If you think about it, doctors and healthcare professionals mostly work for insurance companies. At the end of the day, they are the ones paying for the majority of their services and decide how much those services are worth through contracts. Hospital-Insurer Contracting is an extremely confusing topic yet it is one of the foundational pieces that dictate how much the patient will eventually pay. In “Facts About Hospital-Insurer Contracting” a study published by The American Journal of Managed Care, they compared the negotiated price of a common service that occurred across 524 contracts and 10 hospitals: MS-DRG 768 (vaginal delivery with operating room procedures). As seen in Table 1, the median negotiated price for this service varied from $5,116 to $14,458. The even crazier part about this study is that they found the same health insurance company pays drastically different prices for the same service at different hospitals. To specify, “the price of MS-DRG 768 for Cigna at North Suburban Medical Center (Colorado) is $3111, whereas the price for Cigna at TriStar Greenview Regional Hospital is $10,796.”


Table 1

The point of providing you with that study is to demonstrate how the cost of something as crucial and universal as childbirth can be so drastically different and rely largely on where the service is provided. And that’s just one problem. As I said, the number of reasons behind the failure of this ridiculous system is probably countless, but I think this for-profit nature is especially wrong. Healthcare Organizations’ goal should not be to garner profit and health insurance companies should focus on making coverage more accessible rather than push more costs onto patients. 

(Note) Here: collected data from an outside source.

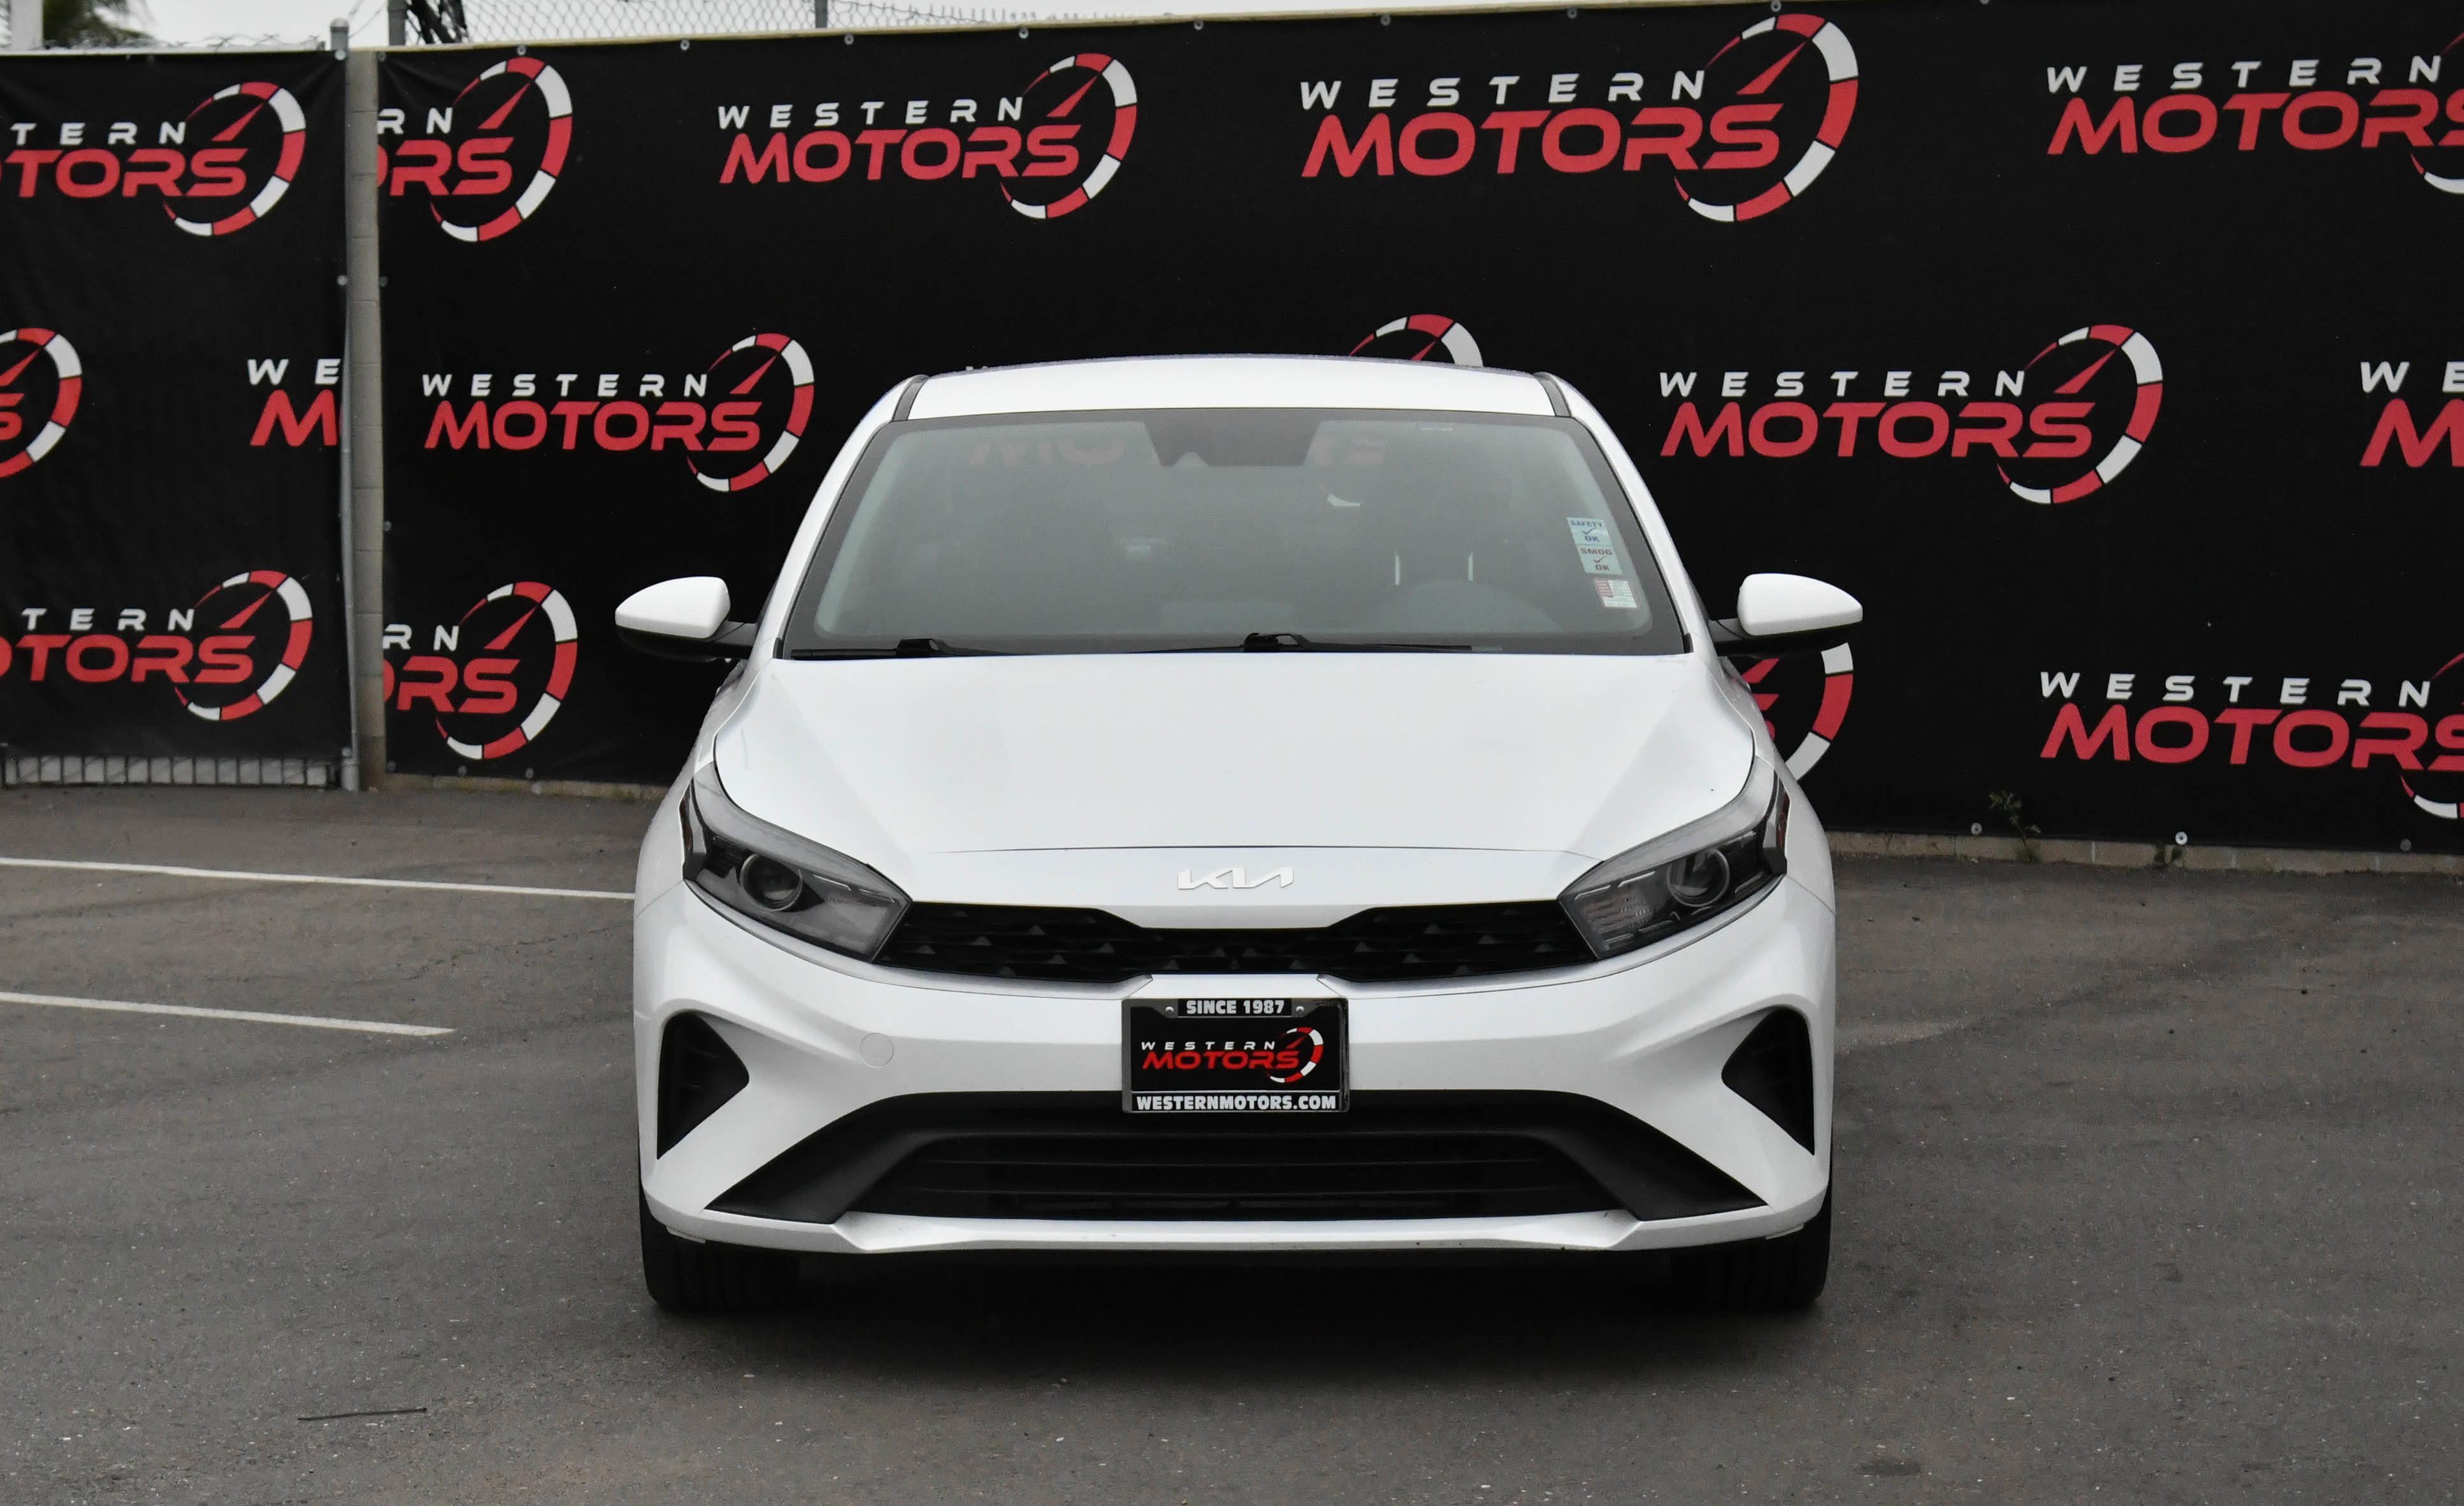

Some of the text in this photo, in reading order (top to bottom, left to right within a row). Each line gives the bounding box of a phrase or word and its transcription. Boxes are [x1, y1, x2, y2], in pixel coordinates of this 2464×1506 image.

[1301, 70, 1704, 109] WESTERN
[2047, 56, 2440, 92] WESTERN
[719, 97, 1022, 129] WESTERN
[720, 125, 1081, 184] MOTORS
[1302, 103, 1783, 177] MOTORS
[0, 148, 247, 198] TORS
[377, 137, 514, 196] RS
[422, 374, 707, 396] WESTERN
[1660, 371, 2024, 396] WESTERN
[425, 400, 762, 451] MOTORS
[1661, 402, 2095, 458] MOTORS
[1569, 519, 1603, 528] SAFETY
[1580, 547, 1613, 556] SMOG
[0, 634, 255, 683] TORS
[383, 656, 520, 714] RS
[2041, 672, 2430, 707] WESTERN
[1178, 866, 1294, 890] KIA
[1186, 999, 1285, 1015] SINCE 1987
[1142, 1041, 1274, 1050] WESTERN
[1142, 1050, 1300, 1070] MOTORS
[1137, 1095, 1336, 1111] WESTERNMOTORS.COM

By now I hope it is obvious that the healthcare system is inherently flawed. How could the system possibly function smoothly when the outcomes that benefit patients are directly inverse to the outcomes that benefit private companies and organizations. This is particularly apparent with regard to quality of care. If you think about the ideal circumstances for both parties this relationship becomes clearer. If we use a hospital visit as an example, the ideal outcome for a patient would be that they receive adequate time with a doctor, are given all necessary care, and are not subject to unnecessary tests, surgeries, or treatments. However, the ideal outcome for the hospital, from an economic lens, would be that you spend very little time with a doctor and are given unnecessary, expensive care that insurance covers a large percentage of.

This makes it nearly impossible for quality care to be at the forefront of healthcare. In fact, the book Improving Diagnosis in Health Care comes to a similar conclusion. The committee responsible for this research found that there is “no disincentive for ordering unnecessary diagnostic testing that could lead to false positive results and diagnostic errors.” This committee also found that a conservative estimate of “5 percent of U.S. adults who seek outpatient care each year experience a diagnostic error.” They attribute these diagnostic errors to a health care system “that is not well designed to support the diagnostic process; limited feedback to clinicians about diagnostic performance; and a culture that discourages transparency and disclosure of diagnostic errors.”

In other words, the healthcare system is programmed to fail for the majority of Americans who pay for private coverage. And while many believers of this system believe that private healthcare improves research and development and increases access to services, I would argue that it comes at the expense of the patient. If you are exploiting patients to discover new technologies that will be used to exploit patients even more, can that really be considered a system designed with the patient's best interests in mind?


References


Henderson, Morgan A., and Morgane C. Mouslim. “Facts About Hospital-Insurer Contracting.” The American Journal of Managed Care, vol. 30, no. 2, 12 Feb. 2024, https://doi.org/10.37765/ajmc.2024.89502. 


Keisler-Starkey, Katherine. “Health Insurance Coverage in the United States: 2022.” Census.Gov, 12 Sept. 2023, www.census.gov/library/publications/2023/demo/p60-281.html. 


The National Academies of Sciences, Engineering, and Medicine, et al. Improving Diagnosis in Health Care. National Academies Press, 2015.